EXERCISE:
Omit all pictures, then print the entries exactly.

DATA FOR THIS TASK:
^^^^^^^^

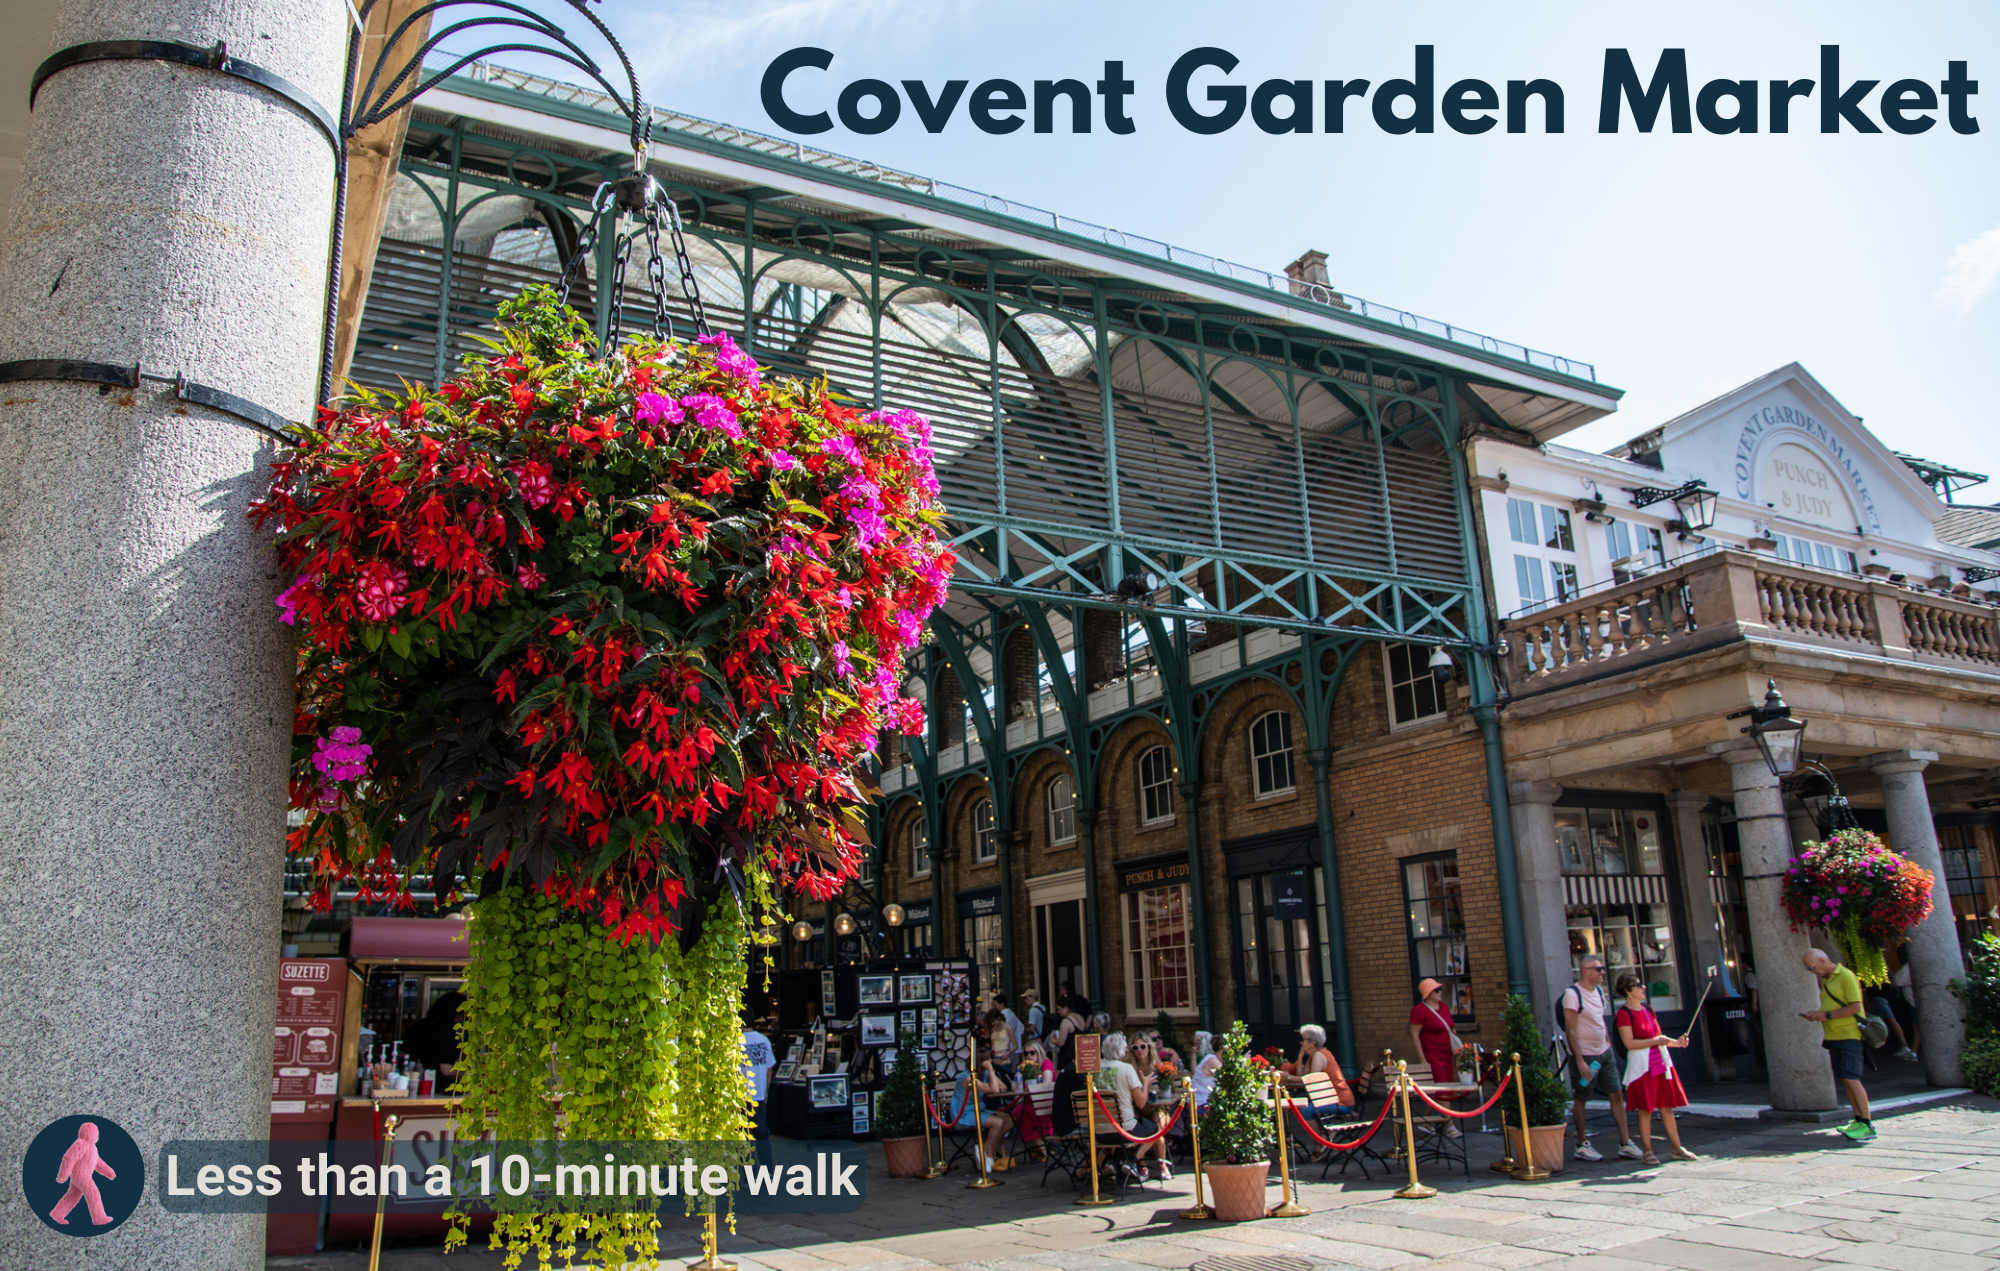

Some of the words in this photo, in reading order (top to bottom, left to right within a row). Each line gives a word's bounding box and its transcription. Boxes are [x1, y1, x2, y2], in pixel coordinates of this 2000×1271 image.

[1735, 413, 1763, 499] COVENT
[1762, 405, 1828, 443] GARDEN
[1829, 437, 1881, 533] MARKET
[1773, 459, 1830, 490] PUNCH
[1795, 492, 1833, 518] JUDY
[1125, 868, 1154, 886] PUNCH
[284, 965, 326, 979] SUZETTE

^^^^^^^^

SOLUTION TO THIS TASK:
Some of the words in this photo, in reading order (top to bottom, left to right within a row). Each line gives a word's bounding box and its transcription. Boxes are [x1, y1, x2, y2], in pixel coordinates of this 2000×1271 image.

[1735, 413, 1763, 499] COVENT
[1762, 405, 1828, 443] GARDEN
[1829, 437, 1881, 533] MARKET
[1773, 459, 1830, 490] PUNCH
[1795, 492, 1833, 518] JUDY
[1125, 868, 1154, 886] PUNCH
[284, 965, 326, 979] SUZETTE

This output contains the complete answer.